Microsoft SideWinder X8 review
Microsoft’s latest assault on the gaming mouse market – the SideWinder X8 – is crammed with kit. The chunky, angular body of the mouse, for instance, is adorned with neat touches and helpful lights. Three small buttons sit above the chromed scroll-wheel and allow for quick switching between 4,000, 1,000 and 500dpi settings, and another button further up will automatically open up the Windows Vista Game Manager.
The X8 has plenty of buttons scattered around the busy-looking chassis, too. As well as the standard offerings, two vertical buttons that sit beneath the thumb can be programmed with macros for frequently used functions.
To the left of the central panel of buttons is a small, red LED screen that provides various status updates, depending on which feature of the X8 is in use. It’ll show which sensitivity you have selected, whether macro mode is enabled, and how much battery power is left if you’ve got the SideWinder plugged into the charger.
More gimmicks can be found within the wireless receiver. The small, magnetic charger affixes to the underside of the X8 with a satisfying weight and also allows it to be charged during use, and unscrewing the top of the receiver reveals two sets of feet that can be attached to the bottom of the SideWinder. Three are included in total, each offering a differing amount of friction; which set you use is up to personal preference, but we’re not convinced many people will genuinely notice and benefit from the difference.

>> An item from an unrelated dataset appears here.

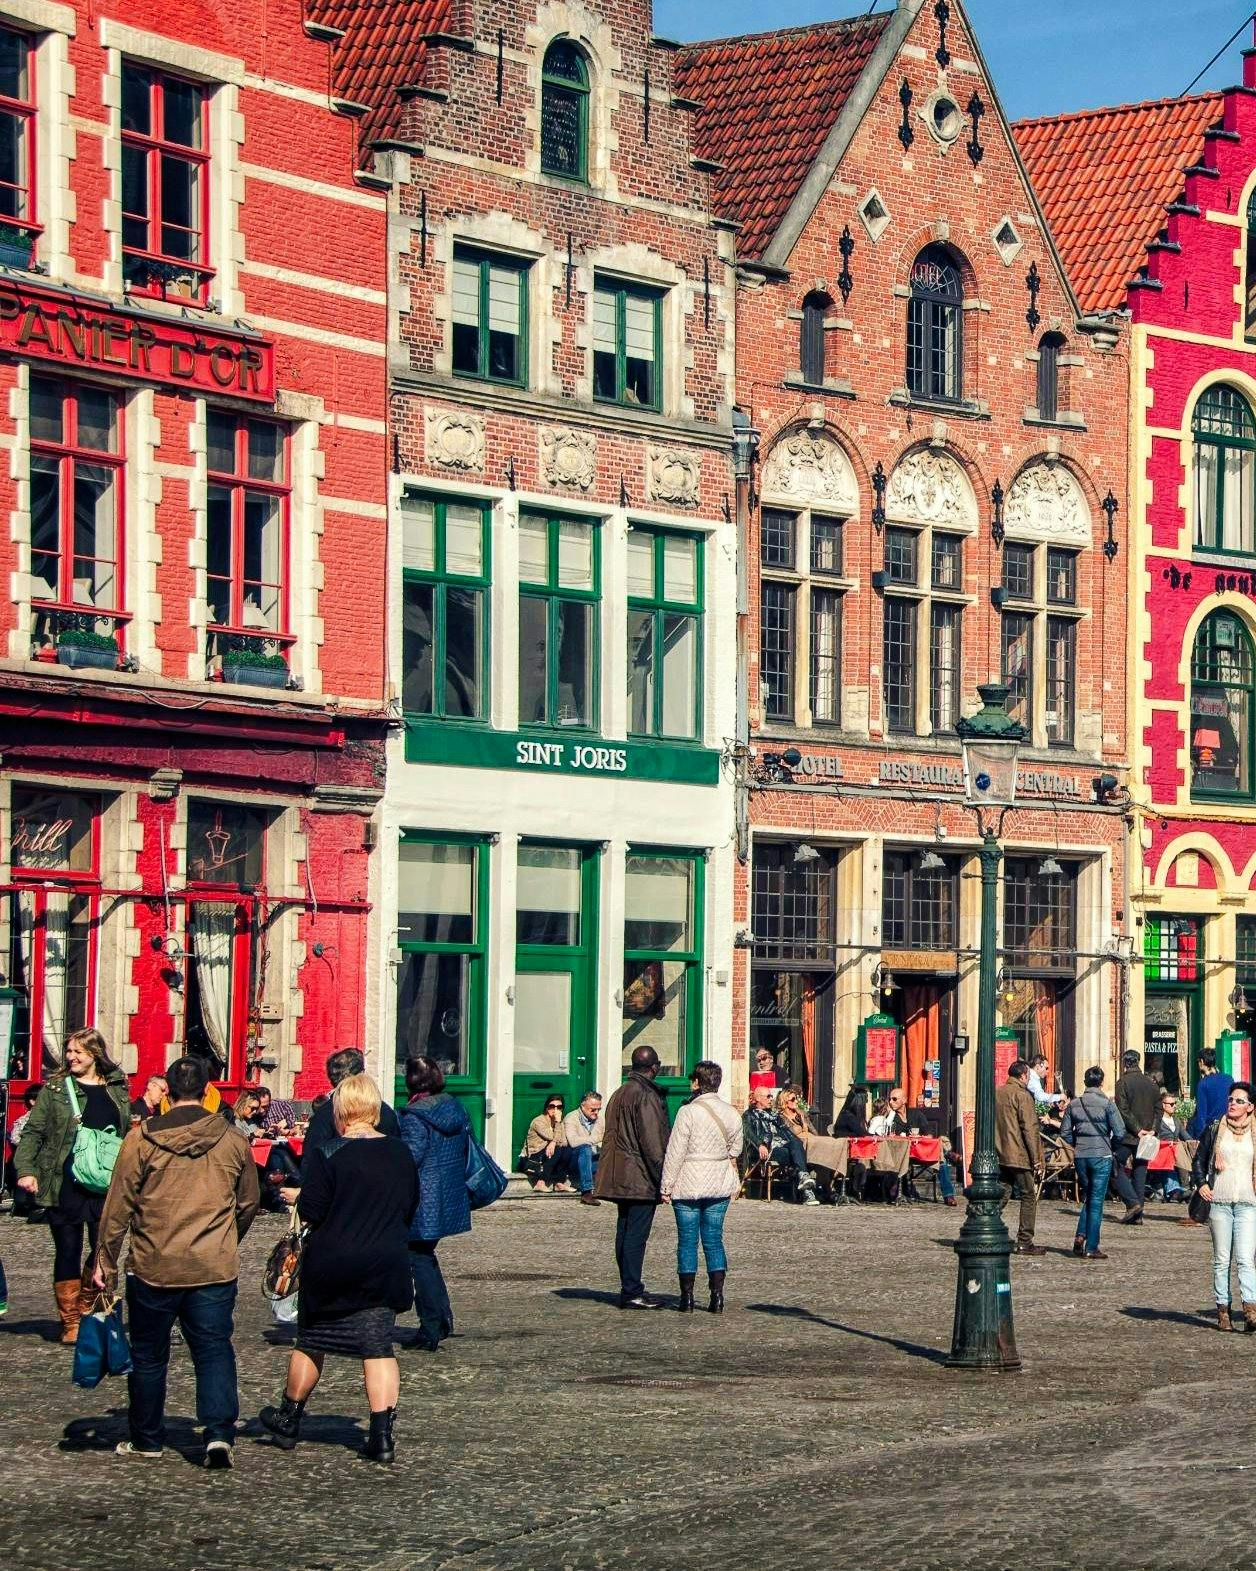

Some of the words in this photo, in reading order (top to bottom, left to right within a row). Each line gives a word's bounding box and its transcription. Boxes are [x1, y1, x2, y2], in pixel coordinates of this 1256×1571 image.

[170, 338, 263, 392] D'OR
[516, 741, 564, 766] SINT
[570, 746, 627, 772] JORIS

Aside from its many gimmicks, the SideWinder X8 is a solid mouse, but it’s not without foibles. We found that the 1,000dpi setting was the most comfortable – only the most seasoned of gamers will be able to get the 4,000dpi, Bluetrack-powered high level under control – and that the mouse was both smooth and comfortable, with buttons in ideal positions. However, we found the scroll-wheel a major disappointment: despite feeling good under the finger, this didn’t translate to smooth movement, and we had to push uncomfortably hard to get consistent action.
There’s no doubt the X8 has many features that will endear it to hardcore and even professional gamers: the sensitivity settings, programmable buttons and interchangeable feet are somewhat gimmicky but will be appreciated, no doubt, by the small minority who are willing to pay £77 for a mouse.
That price, however, is the X8’s major stumbling block. For £77, we’d expect no less than perfection – the numerous attractive, gamer-friendly features can’t make up for the dodgy scroll-wheel, especially when Razer’s Diamondback 3G offers a similar experience for less than half the price. If you’re a serious gamer who demands the best, then the X8 should obviously be on your shortlist, but for almost everyone else it’s difficult to recommend a £77 mouse, no matter how good it is.